* **Task details**
The full listing, excluding its pictures, should be printed exactly as it stands.

* **Material to process**
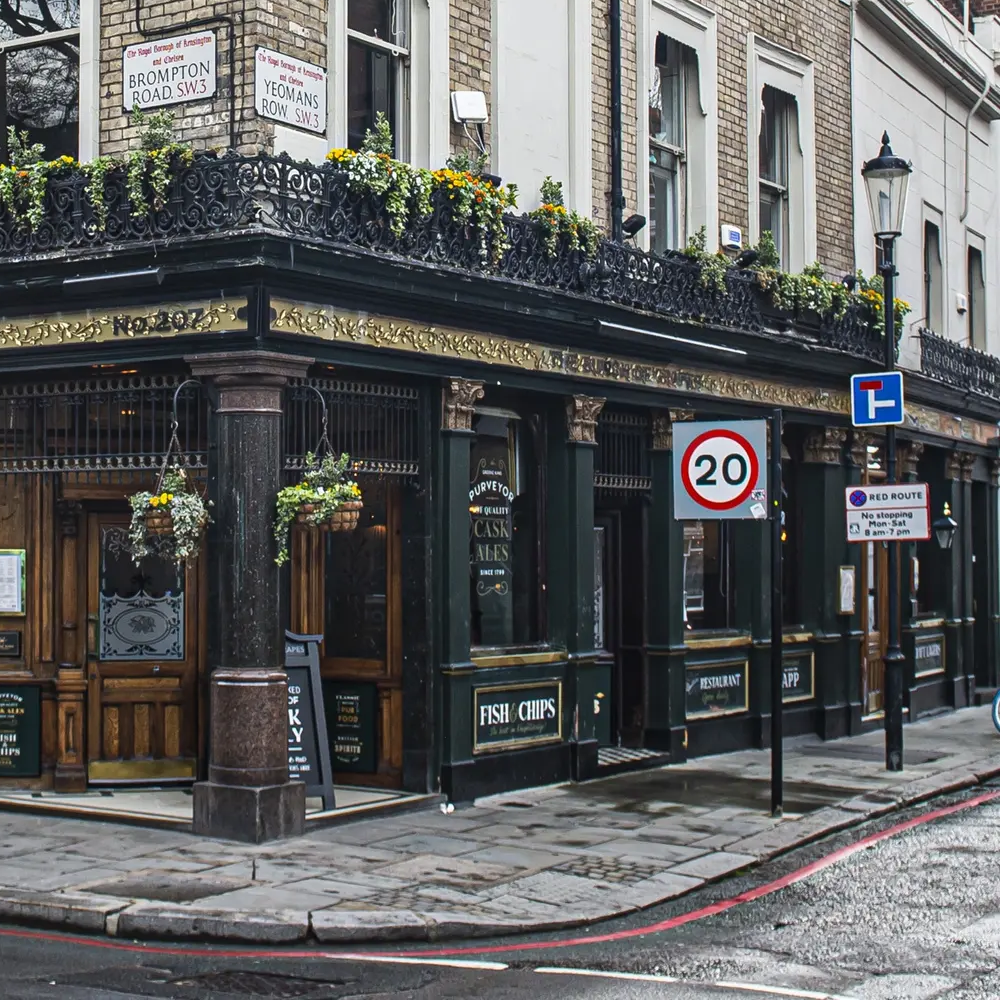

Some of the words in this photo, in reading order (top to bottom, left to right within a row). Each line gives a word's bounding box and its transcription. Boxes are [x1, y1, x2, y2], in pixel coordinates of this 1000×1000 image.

[126, 50, 136, 58] The
[153, 42, 174, 53] Borough
[175, 40, 182, 49] of
[183, 36, 212, 47] Kensington
[152, 58, 161, 66] and
[163, 54, 184, 64] Chelsea
[129, 60, 210, 89] BROMPTON
[177, 78, 207, 97] S.W.3
[264, 78, 319, 109] YEOMANS
[694, 453, 748, 486] 20
[469, 480, 514, 503] PURVEYOR
[869, 493, 888, 501] RED
[891, 492, 923, 500] ROUTE
[483, 506, 509, 516] QUALITY
[861, 512, 874, 520] No
[876, 511, 913, 520] stopping
[474, 520, 509, 538] CASK
[896, 529, 910, 537] pm
[475, 543, 509, 561] ALES
[480, 568, 493, 576] SINCE
[700, 673, 741, 690] RESTAURANT
[479, 702, 509, 726] FISH
[509, 702, 518, 723] &
[518, 697, 556, 721] CHIPS

* **Answer for the task**
Some of the words in this photo, in reading order (top to bottom, left to right within a row). Each line gives a word's bounding box and its transcription. Boxes are [x1, y1, x2, y2], in pixel coordinates of this 1000×1000 image.

[126, 50, 136, 58] The
[153, 42, 174, 53] Borough
[175, 40, 182, 49] of
[183, 36, 212, 47] Kensington
[152, 58, 161, 66] and
[163, 54, 184, 64] Chelsea
[129, 60, 210, 89] BROMPTON
[177, 78, 207, 97] S.W.3
[264, 78, 319, 109] YEOMANS
[694, 453, 748, 486] 20
[469, 480, 514, 503] PURVEYOR
[869, 493, 888, 501] RED
[891, 492, 923, 500] ROUTE
[483, 506, 509, 516] QUALITY
[861, 512, 874, 520] No
[876, 511, 913, 520] stopping
[474, 520, 509, 538] CASK
[896, 529, 910, 537] pm
[475, 543, 509, 561] ALES
[480, 568, 493, 576] SINCE
[700, 673, 741, 690] RESTAURANT
[479, 702, 509, 726] FISH
[509, 702, 518, 723] &
[518, 697, 556, 721] CHIPS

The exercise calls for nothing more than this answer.